[[ Recorded data open ]]

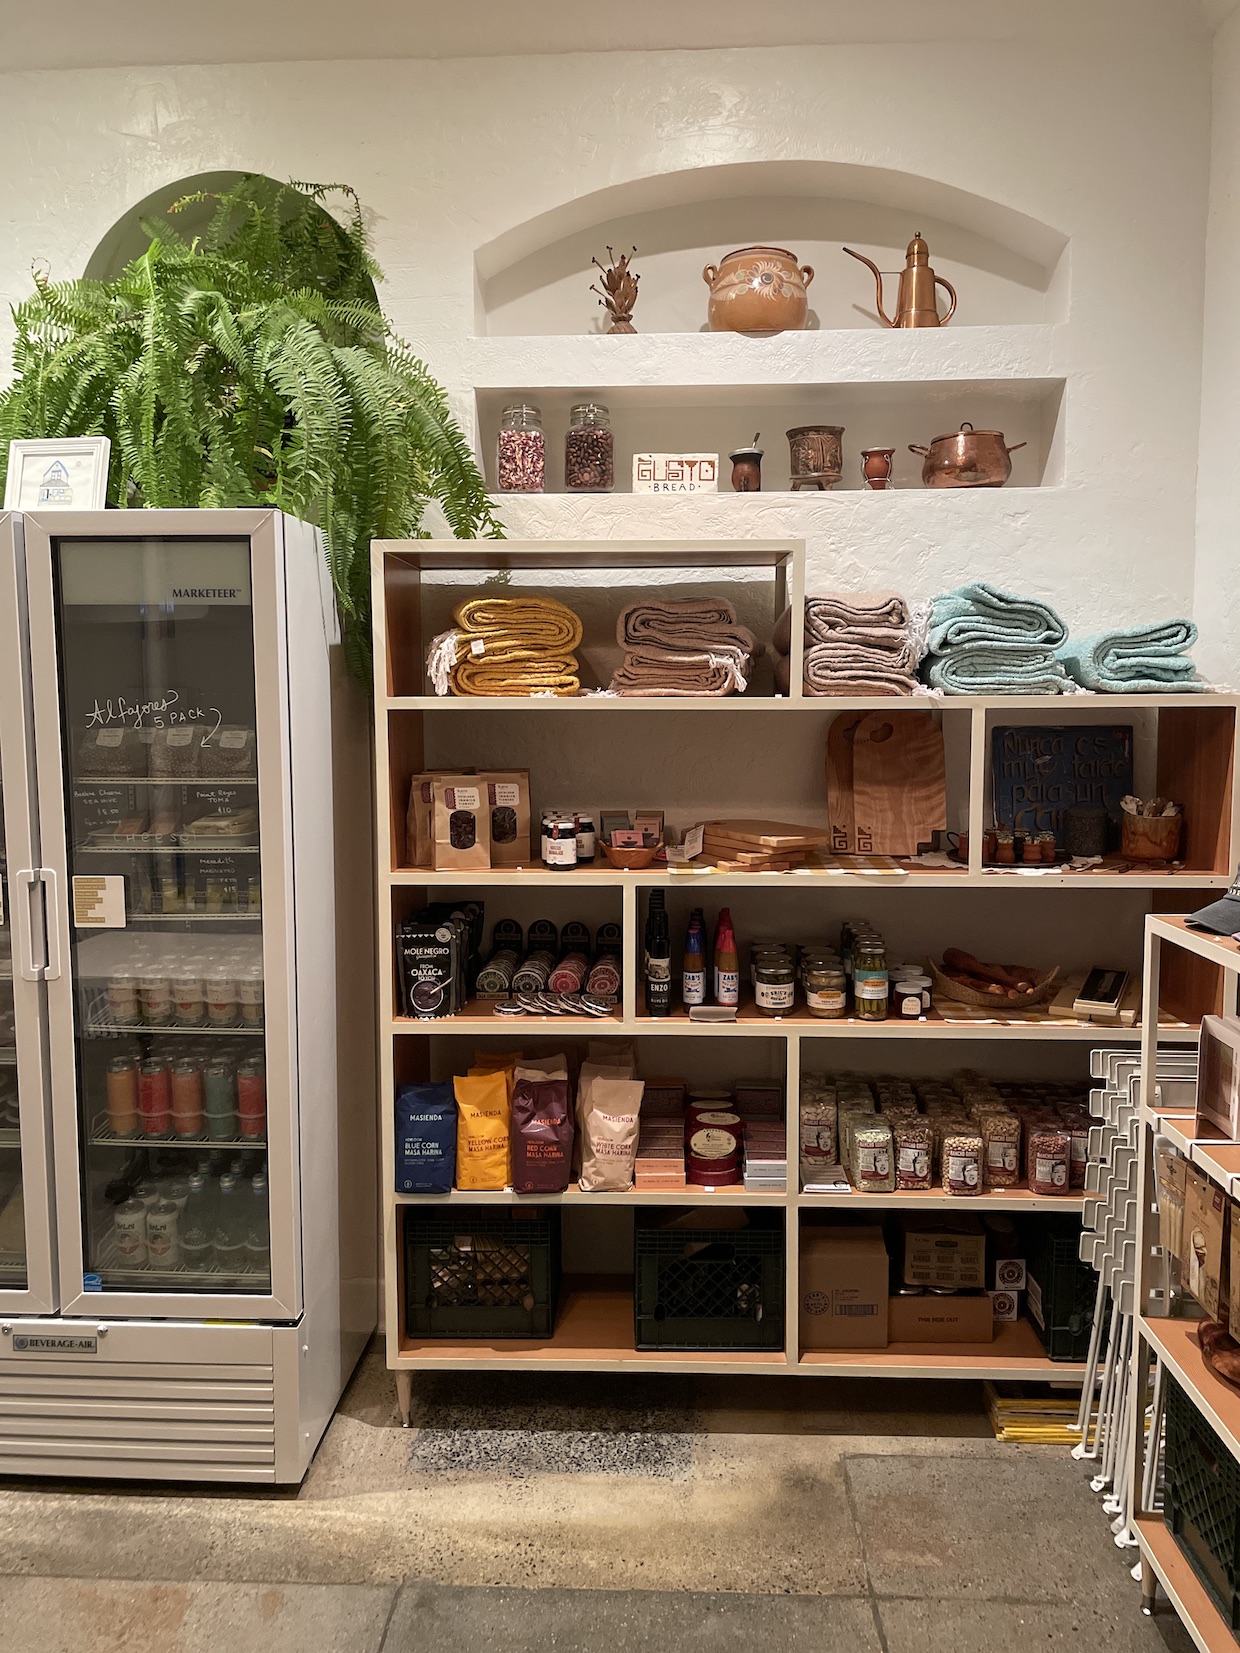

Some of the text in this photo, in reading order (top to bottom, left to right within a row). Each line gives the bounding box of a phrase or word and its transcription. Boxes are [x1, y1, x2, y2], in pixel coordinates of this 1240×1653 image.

[637, 456, 715, 481] GUSTO
[86, 690, 179, 729] Alfajores
[154, 707, 205, 729] 5 PACK
[404, 947, 450, 955] MOLE NEGRO
[410, 968, 443, 977] OAXACA
[650, 984, 669, 992] ENZO
[409, 1114, 443, 1122] MASIENDA
[470, 1110, 502, 1118] MASIENDA
[602, 1115, 634, 1123] MASIENDA
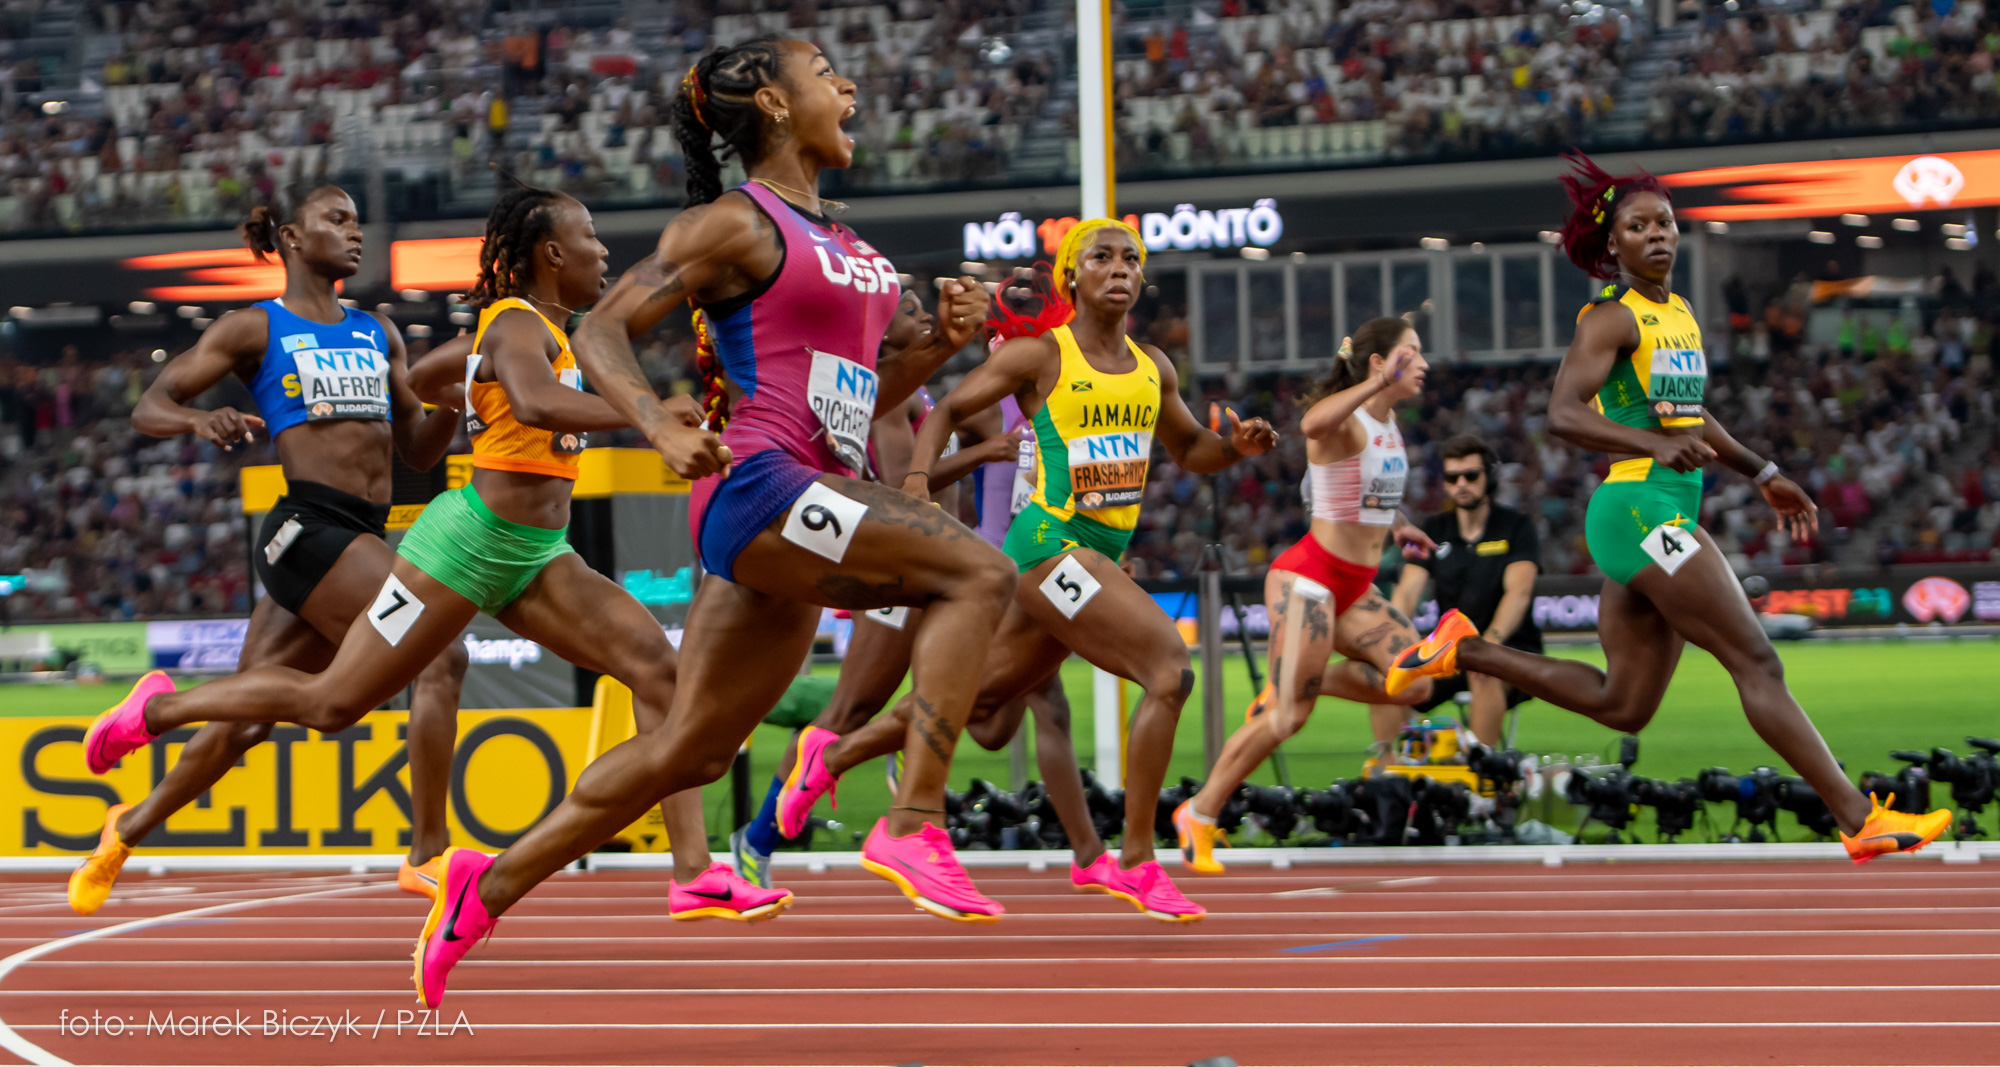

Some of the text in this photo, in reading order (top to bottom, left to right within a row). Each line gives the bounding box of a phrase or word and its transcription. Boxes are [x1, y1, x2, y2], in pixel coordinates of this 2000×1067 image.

[814, 246, 901, 294] USA
[313, 351, 376, 372] NTN
[1669, 350, 1701, 372] NTN
[312, 376, 381, 399] ALFRED
[1087, 433, 1139, 460] NTN
[801, 504, 842, 539] 9
[1661, 530, 1685, 555] 4
[1054, 571, 1082, 602] 5
[377, 589, 409, 621] 7
[464, 633, 541, 671] hamps
[20, 716, 567, 852] SEIKO
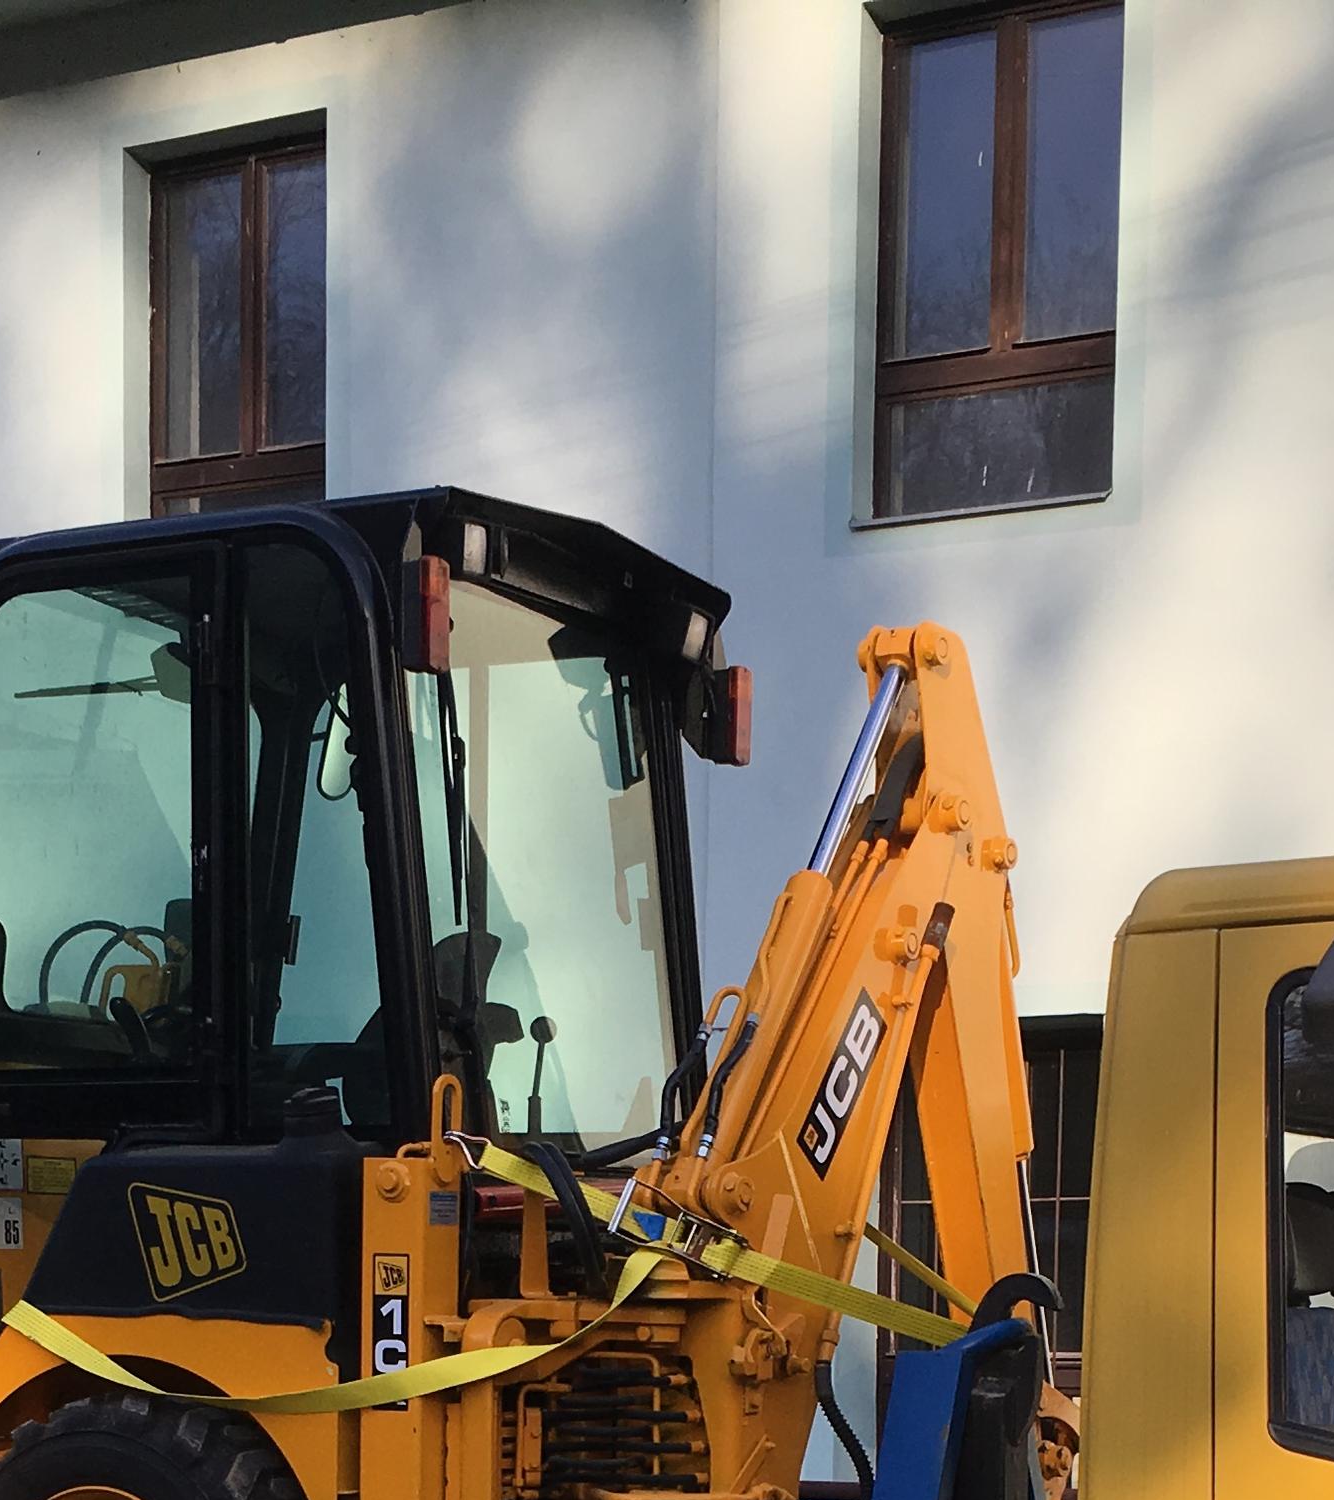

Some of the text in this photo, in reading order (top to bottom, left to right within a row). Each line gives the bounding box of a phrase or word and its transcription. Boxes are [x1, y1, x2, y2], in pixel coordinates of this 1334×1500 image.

[[ Recorded data closed ]]

Requirement
All of the records must come back exactly as they stand, minus every picture.

Answer
Some of the text in this photo, in reading order (top to bottom, left to right within a row). Each line gives the bounding box of a phrase or word and its transcription. Boxes are [x1, y1, x2, y2], in pixel coordinates of this 1240×1653 image.

[637, 456, 715, 481] GUSTO
[86, 690, 179, 729] Alfajores
[154, 707, 205, 729] 5 PACK
[404, 947, 450, 955] MOLE NEGRO
[410, 968, 443, 977] OAXACA
[650, 984, 669, 992] ENZO
[409, 1114, 443, 1122] MASIENDA
[470, 1110, 502, 1118] MASIENDA
[602, 1115, 634, 1123] MASIENDA

Some of the text in this photo, in reading order (top to bottom, left to right within a row). Each line gives the bounding box of a phrase or word and its transcription. Boxes are [x1, y1, x2, y2], in pixel coordinates of this 2000×1067 image.

[814, 246, 901, 294] USA
[313, 351, 376, 372] NTN
[1669, 350, 1701, 372] NTN
[312, 376, 381, 399] ALFRED
[1087, 433, 1139, 460] NTN
[801, 504, 842, 539] 9
[1661, 530, 1685, 555] 4
[1054, 571, 1082, 602] 5
[377, 589, 409, 621] 7
[464, 633, 541, 671] hamps
[20, 716, 567, 852] SEIKO

Some of the text in this photo, in reading order (top to bottom, left to right within a row). Each line gives the bounding box of a phrase or word and its transcription. Boxes are [x1, y1, x2, y2], in pixel coordinates of this 1334×1500 image.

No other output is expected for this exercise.